TASK DESCRIPTION -
Two lines below mark the span: the one containing "this 1280×1280 image." and the one containing "this 1521×1481 image.". Set down both, plus every line between, exactly as they stand, and nothing else.

INPUT FOR THIS TASK -
______________________________

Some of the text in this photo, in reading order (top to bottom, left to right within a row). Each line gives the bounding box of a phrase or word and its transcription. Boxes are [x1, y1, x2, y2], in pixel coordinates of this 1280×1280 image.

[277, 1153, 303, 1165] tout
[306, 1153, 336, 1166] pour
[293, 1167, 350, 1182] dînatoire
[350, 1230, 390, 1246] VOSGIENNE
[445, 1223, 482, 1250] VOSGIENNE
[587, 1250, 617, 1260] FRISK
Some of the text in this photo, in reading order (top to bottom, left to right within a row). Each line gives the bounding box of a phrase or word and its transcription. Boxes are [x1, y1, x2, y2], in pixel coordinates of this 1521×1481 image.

______________________________

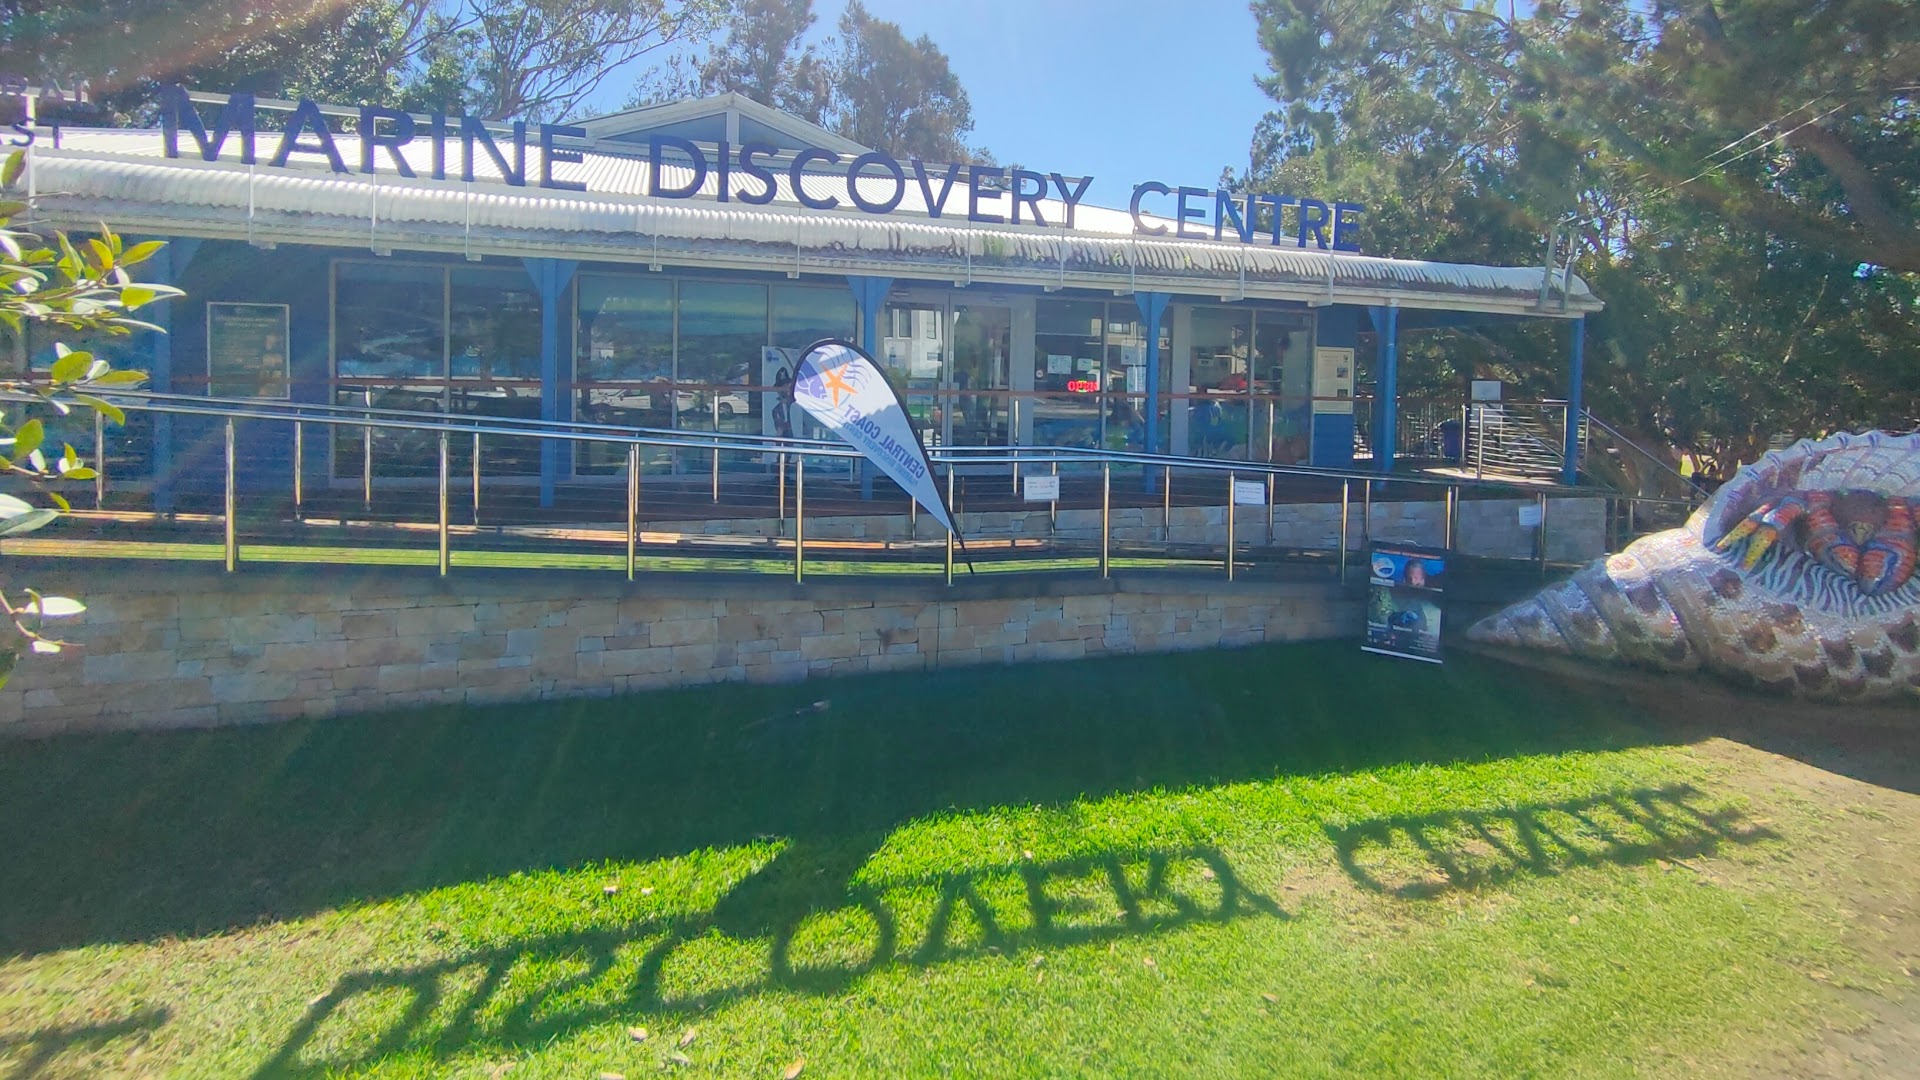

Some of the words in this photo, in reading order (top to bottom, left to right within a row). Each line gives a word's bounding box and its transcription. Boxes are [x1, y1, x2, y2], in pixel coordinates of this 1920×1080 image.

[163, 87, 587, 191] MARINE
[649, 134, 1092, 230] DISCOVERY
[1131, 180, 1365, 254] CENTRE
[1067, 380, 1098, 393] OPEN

______________________________

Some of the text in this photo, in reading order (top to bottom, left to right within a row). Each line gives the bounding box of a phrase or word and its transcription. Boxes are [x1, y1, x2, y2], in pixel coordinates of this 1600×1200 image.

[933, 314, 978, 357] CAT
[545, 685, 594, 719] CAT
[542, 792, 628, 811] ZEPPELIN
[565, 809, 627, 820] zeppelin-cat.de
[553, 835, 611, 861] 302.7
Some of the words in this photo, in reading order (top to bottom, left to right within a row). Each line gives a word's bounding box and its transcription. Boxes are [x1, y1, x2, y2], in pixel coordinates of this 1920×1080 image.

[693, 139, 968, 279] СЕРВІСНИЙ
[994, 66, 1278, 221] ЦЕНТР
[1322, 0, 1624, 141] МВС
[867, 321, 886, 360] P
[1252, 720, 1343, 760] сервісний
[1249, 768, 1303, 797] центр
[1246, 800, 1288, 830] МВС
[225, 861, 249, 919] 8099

______________________________

EXPECTED ANSWER -
Some of the text in this photo, in reading order (top to bottom, left to right within a row). Each line gives the bounding box of a phrase or word and its transcription. Boxes are [x1, y1, x2, y2], in pixel coordinates of this 1280×1280 image.

[277, 1153, 303, 1165] tout
[306, 1153, 336, 1166] pour
[293, 1167, 350, 1182] dînatoire
[350, 1230, 390, 1246] VOSGIENNE
[445, 1223, 482, 1250] VOSGIENNE
[587, 1250, 617, 1260] FRISK
Some of the text in this photo, in reading order (top to bottom, left to right within a row). Each line gives the bounding box of a phrase or word and its transcription. Boxes are [x1, y1, x2, y2], in pixel coordinates of this 1521×1481 image.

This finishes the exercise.